Clearing houses are critically important as risk managers in the derivatives market.  European rules require EU institutions to hold up to 30 times more capital if they clear trades through any jurisdiction not deemed equivalent to EU standards.  Lacking EU recognition of equivalence, third country clearing houses are unlikely to clear EU-mandated derivatives.  Although ten third party CCPs in Australia, Hong Kong, Japan and Singapore have recently been assessed as equivalent by the European Commission, there are still 31 non-EU CCPs awaiting recognition, including US CCPs, most notably the Chicago-based CME.

For now, EU institutions are still exempted from the requirement to hold more capital when trading derivatives at unapproved foreign exchanges.  The question is for how long are they allowed to keep funnelling business to the US clearing houses?  If no agreement is reached between the European Commission and the CFTC, market fragmentation seems inevitable ultimately leading to higher costs for end users.

According to the International Swaps and Derivatives Association (ISDA), one of the problems in reaching an agreement is an overly granular approach to equivalence.  It suggests a number of resolutions, such as a global equivalence passport or automatic equivalence for G20 countries.

Regulators and industry, what lies ahead and how to get ready?

Resolving problems with regard to harmonisation in rules will be crucial in order for OTC derivatives regulation to be effective.  “Global markets need global standards” as the FEMR report reminded us.  But it’s not all up to the regulators, as we also discuss in our third reporting article.

The review of EMIR in the EU also offers an opportunity for the industry to provide input on whether the rules on OTC derivatives trading are proportionate to the risks posed by it and whether there are areas where the regulation could be improved, and to put forward possible solutions.

Firms, in the meantime, need to understand what is coming and change their trading business accordingly.  Despite there still being questions, firms can be certain that the new trading landscape will look very different in 2017.

As we emphasised at Infoline’s conference for buy-side firms, the market is moving quickly to a big bang that will force new decisions about how business is done.  Fundamental questions about how a firm ‘knows their business’ need to be addressed by front, middle and back-office all at once.  For example, in considering how an order is done, the MiFID Implementation Group is looking at a large risk register that cuts across all trading activity.  Examples include:

  1. What parts of my business are now within MiFID II?
  2. Is the instrument in scope?
  3. Who can we trade with?
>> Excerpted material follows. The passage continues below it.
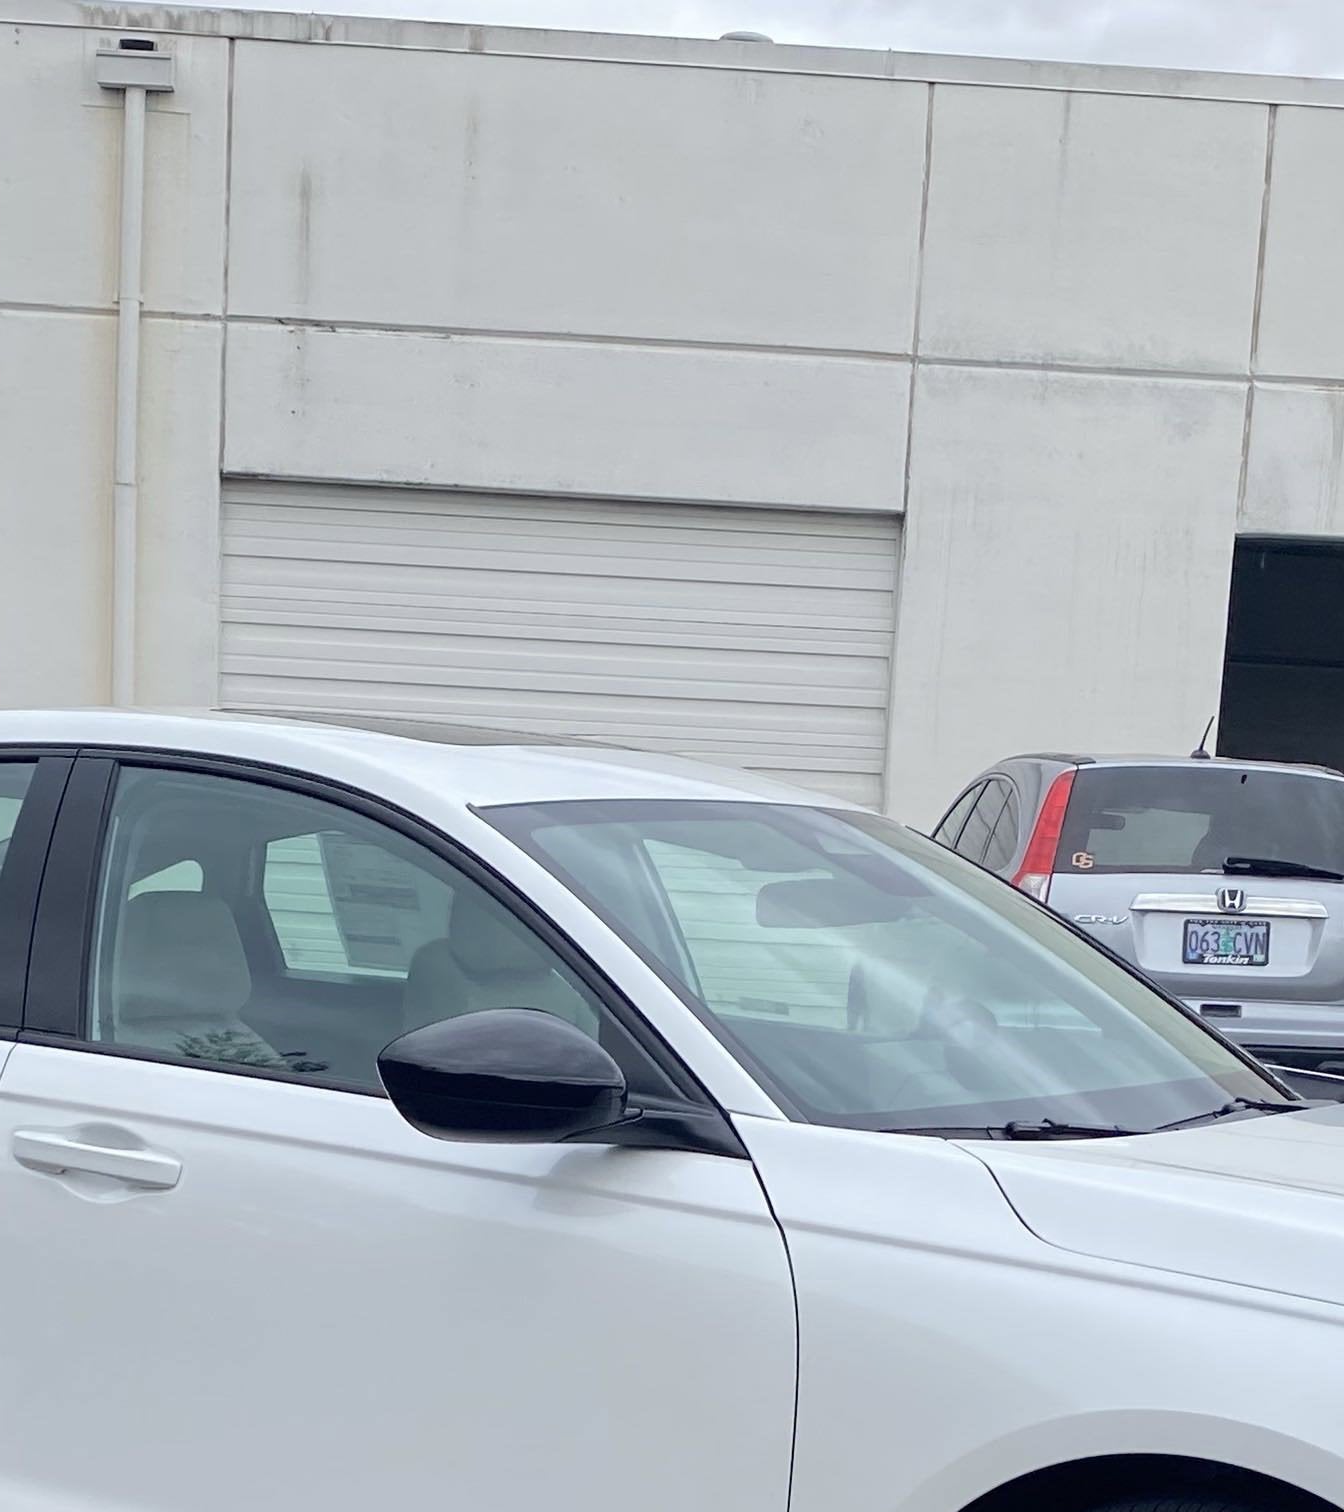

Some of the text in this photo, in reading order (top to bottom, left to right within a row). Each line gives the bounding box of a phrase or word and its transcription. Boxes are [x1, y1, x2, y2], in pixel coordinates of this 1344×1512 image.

Do I know the decision maker?
  4. What channels can we take orders through?
  5. When is the AIOI given?
  6. Where is the trade going to be executed?
  7. Are my algos under control?
  8. What market reference data are we using?
  9. How do I prove ‘end to end’ best execution?
  10. What records need to be kept?

What is evident from the breadth of these questions is that this is a big change programme.  Firms that start now by assessing their business capabilities, making an effort to understand the regulatory deltas and defining their target operating model will be better placed to survive in the new order.

The bottom line is that, while it may not feel like it, we are only one year away from market integration testing and difficult conversations across both the value chain and supply chain.  Everything – from the type of relationship you have with your customers, the way you make decisions, which suppliers you work with and your reporting line – is up for grabs.  Those that grasp the detail and move now will be most likely to be judged to be ‘good’.